■ **WHAT THE TASK ASKS**
Only the pictures should be dropped; every line of the data must come back exactly as written.

++++ DATASET

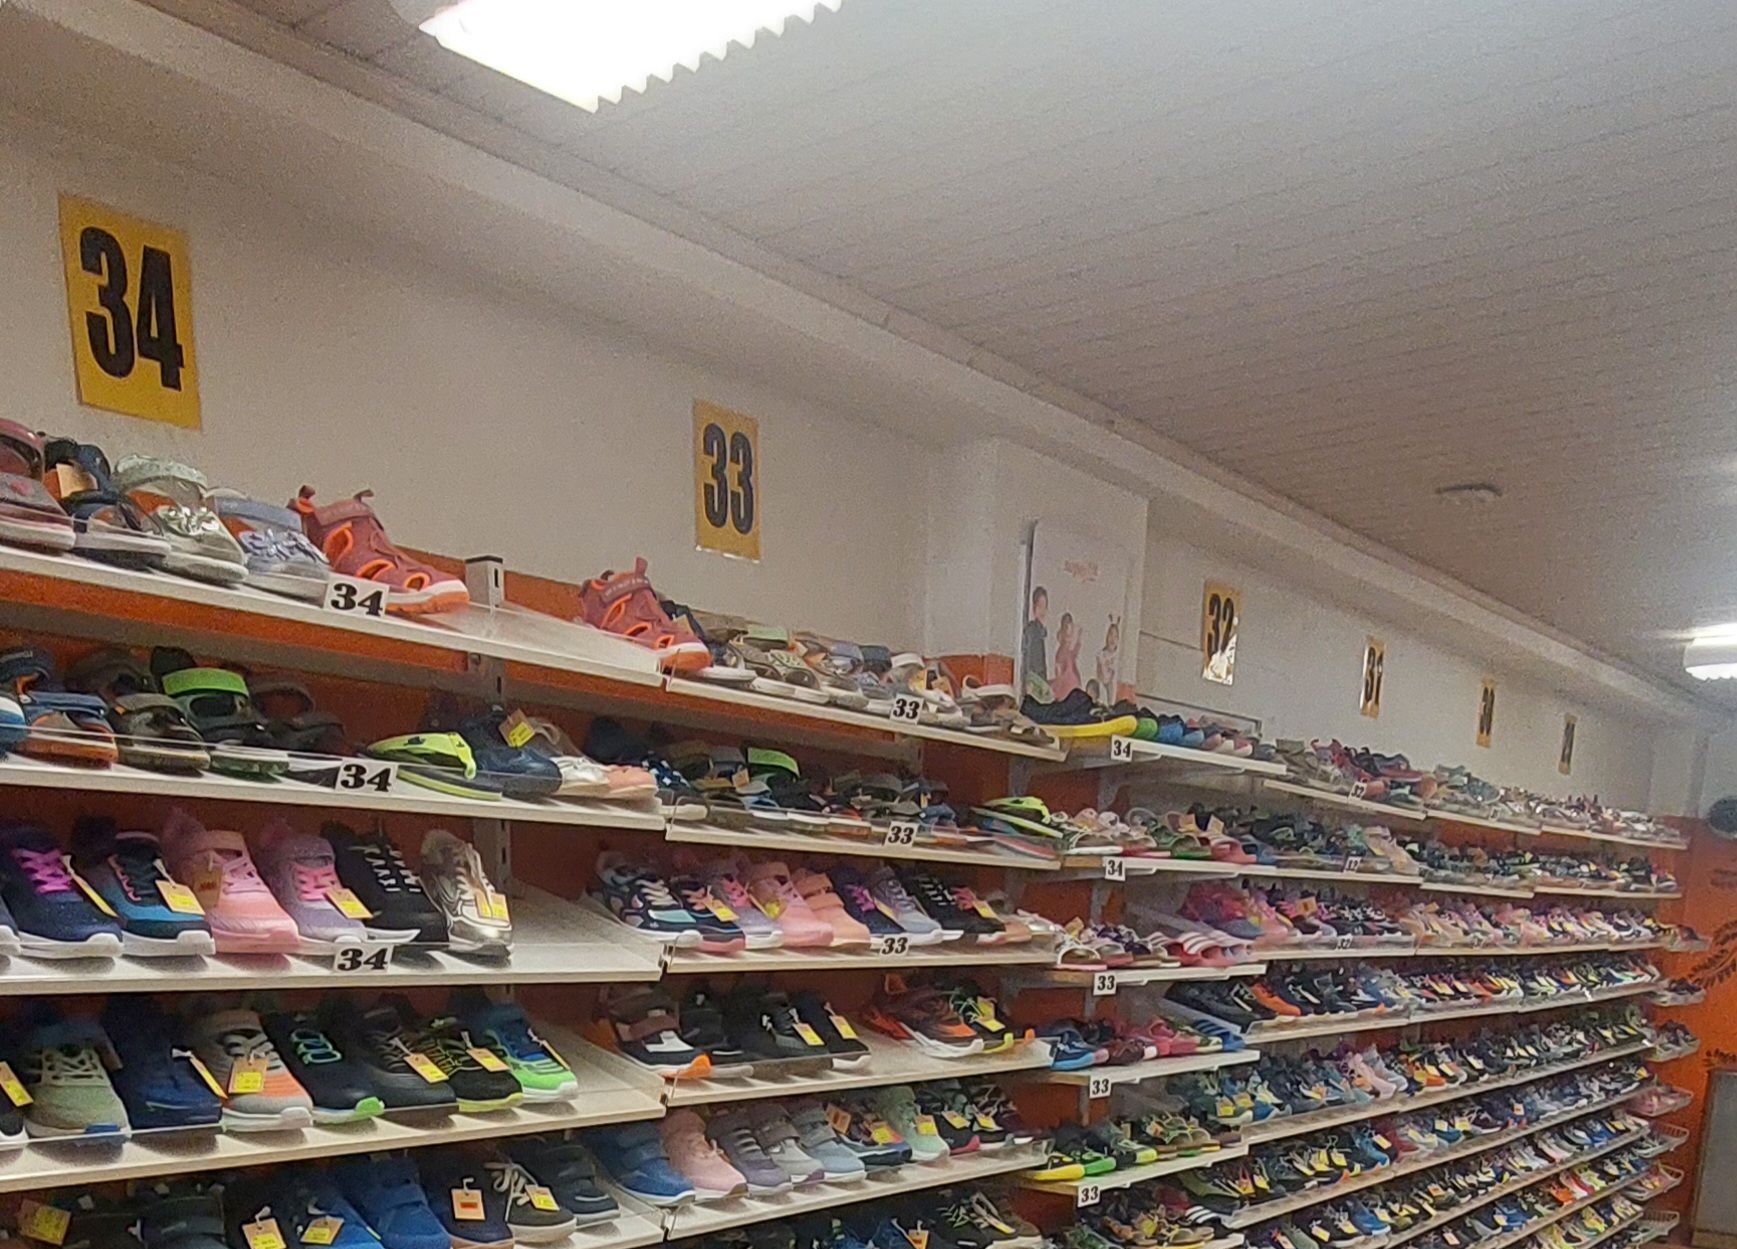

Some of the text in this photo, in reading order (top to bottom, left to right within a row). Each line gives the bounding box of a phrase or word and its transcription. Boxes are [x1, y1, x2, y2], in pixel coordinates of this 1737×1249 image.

[80, 227, 184, 392] 34
[703, 422, 755, 535] 33
[331, 582, 383, 617] 34
[1207, 593, 1235, 664] 32
[892, 698, 920, 719] 33
[1113, 740, 1131, 758] 34
[340, 763, 392, 793] 34
[887, 824, 914, 845] 33
[1108, 859, 1124, 877] 34
[881, 936, 909, 955] 33
[337, 946, 388, 971] 34
[1097, 975, 1115, 991] 33
[1092, 1078, 1109, 1095] 33
[1081, 1185, 1099, 1203] 33
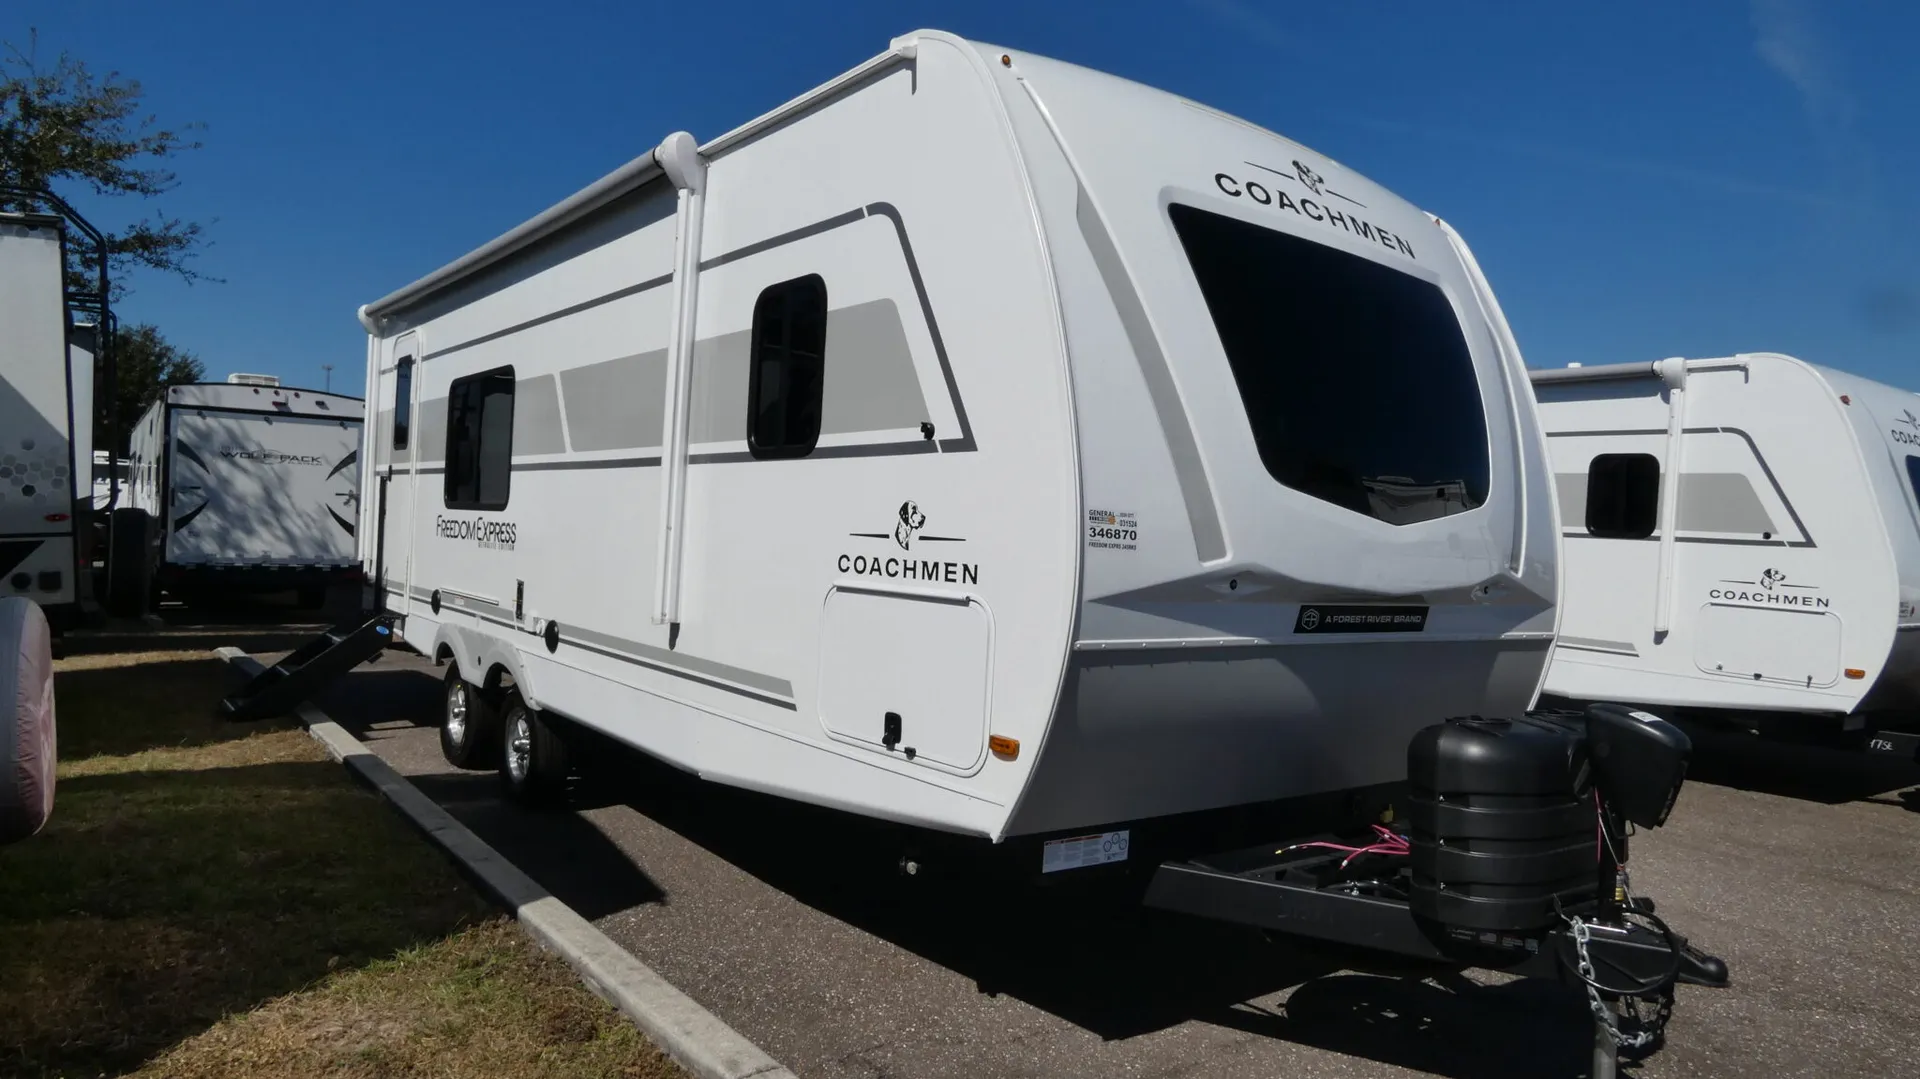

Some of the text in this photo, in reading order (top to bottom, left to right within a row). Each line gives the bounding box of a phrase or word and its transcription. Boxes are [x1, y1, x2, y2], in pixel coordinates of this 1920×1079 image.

[1214, 173, 1416, 259] COACHMEN
[280, 454, 321, 463] PACK
[1089, 527, 1137, 540] 346870
[837, 554, 978, 585] COACHMEN
[1709, 589, 1830, 608] COACHMEN
[1325, 615, 1422, 624] A FOREST RIVER BRAND

++++++++

■ **OUTPUT OF THE TASK**
Some of the text in this photo, in reading order (top to bottom, left to right within a row). Each line gives the bounding box of a phrase or word and its transcription. Boxes are [x1, y1, x2, y2], in pixel coordinates of this 1737×1249 image.

[80, 227, 184, 392] 34
[703, 422, 755, 535] 33
[331, 582, 383, 617] 34
[1207, 593, 1235, 664] 32
[892, 698, 920, 719] 33
[1113, 740, 1131, 758] 34
[340, 763, 392, 793] 34
[887, 824, 914, 845] 33
[1108, 859, 1124, 877] 34
[881, 936, 909, 955] 33
[337, 946, 388, 971] 34
[1097, 975, 1115, 991] 33
[1092, 1078, 1109, 1095] 33
[1081, 1185, 1099, 1203] 33

Some of the text in this photo, in reading order (top to bottom, left to right within a row). Each line gives the bounding box of a phrase or word and its transcription. Boxes are [x1, y1, x2, y2], in pixel coordinates of this 1920×1079 image.

[1214, 173, 1416, 259] COACHMEN
[280, 454, 321, 463] PACK
[1089, 527, 1137, 540] 346870
[837, 554, 978, 585] COACHMEN
[1709, 589, 1830, 608] COACHMEN
[1325, 615, 1422, 624] A FOREST RIVER BRAND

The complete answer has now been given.